Kirkus Reviews QR Code
Into the Realm of Time by Scott Douglas Prill

Into the Realm of Time

A Novel of the Fourth Century Roman Empire

by Scott Douglas Prill

Pub Date: May 9th, 2015
ISBN: 978-0-9908604-2-6
Publisher: CreateSpace

A Roman general’s fate intersects with those of a disparate group of soldiers, clergy, and royalty in Prill’s debut.

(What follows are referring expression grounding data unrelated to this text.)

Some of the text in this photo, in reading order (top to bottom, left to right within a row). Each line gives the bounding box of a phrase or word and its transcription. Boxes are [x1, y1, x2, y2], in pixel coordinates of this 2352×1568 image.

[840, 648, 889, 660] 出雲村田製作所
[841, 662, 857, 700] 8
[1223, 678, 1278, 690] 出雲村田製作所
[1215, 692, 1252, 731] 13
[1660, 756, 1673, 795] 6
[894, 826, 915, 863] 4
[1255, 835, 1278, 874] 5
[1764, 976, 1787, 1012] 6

In the year 372, Gen. Marcus Augustus Valerias leads his men with an iron fist and an unwavering loyalty to the Roman Empire. He relies on a small, devoted inner circle to help him maintain order over his men. They include his second- and third-in-command, Braxus and Cratus, respectively; his bodyguard, Bukarma; intelligence officer Revious; physician Olivertos; and chief administrator Jacob. When soldiers capture a Christian priest named Joseph along with a renegade band of Goths, Jacob’s surprise intervention spares him from Valerias’ brand of justice. Eventually, Joseph becomes an assistant to both Jacob and Olivertos, impressing Valerias with his skill and ability to learn new tasks. After Jacob’s death, Valerias contemplates his life and storied military career and comes to a pivotal decision. At the age of 45, having spent more than 30 years in the army, he’s ready to retire to Britannia; however, his retirement won’t be as simple as turning control of his army over to Braxus and Cratus. Valerias’ destiny becomes intertwined with those of Joseph; Claire, a widowed queen fleeing an arranged marriage; and Huns Uldric and Rao, fraternal twins whose ambitions seem limitless. Epic in scope, Prill’s expansive narrative boasts a large cast of characters whose lives connect at several different junctures in the story. The chief protagonist, Valerias, is a dynamic, forceful figure whose journey gives the narrative weight and gravitas. He finds an ideal complement in Claire, a loyal queen committed to protecting her children from the man who caused the death of her husband. The supporting characters are equally well-developed—particularly Joseph, a one-time food merchant and physician who finds strength and purpose in his Christian faith. The narrative is long, but Prill’s sturdy, workmanlike prose is sharp, and the story moves at a brisk pace. The detailed settings add another strong dimension to the novel, giving life and vitality to both the Roman Empire and Britannia.

A satisfying historical novel with richly drawn characters and vivid settings.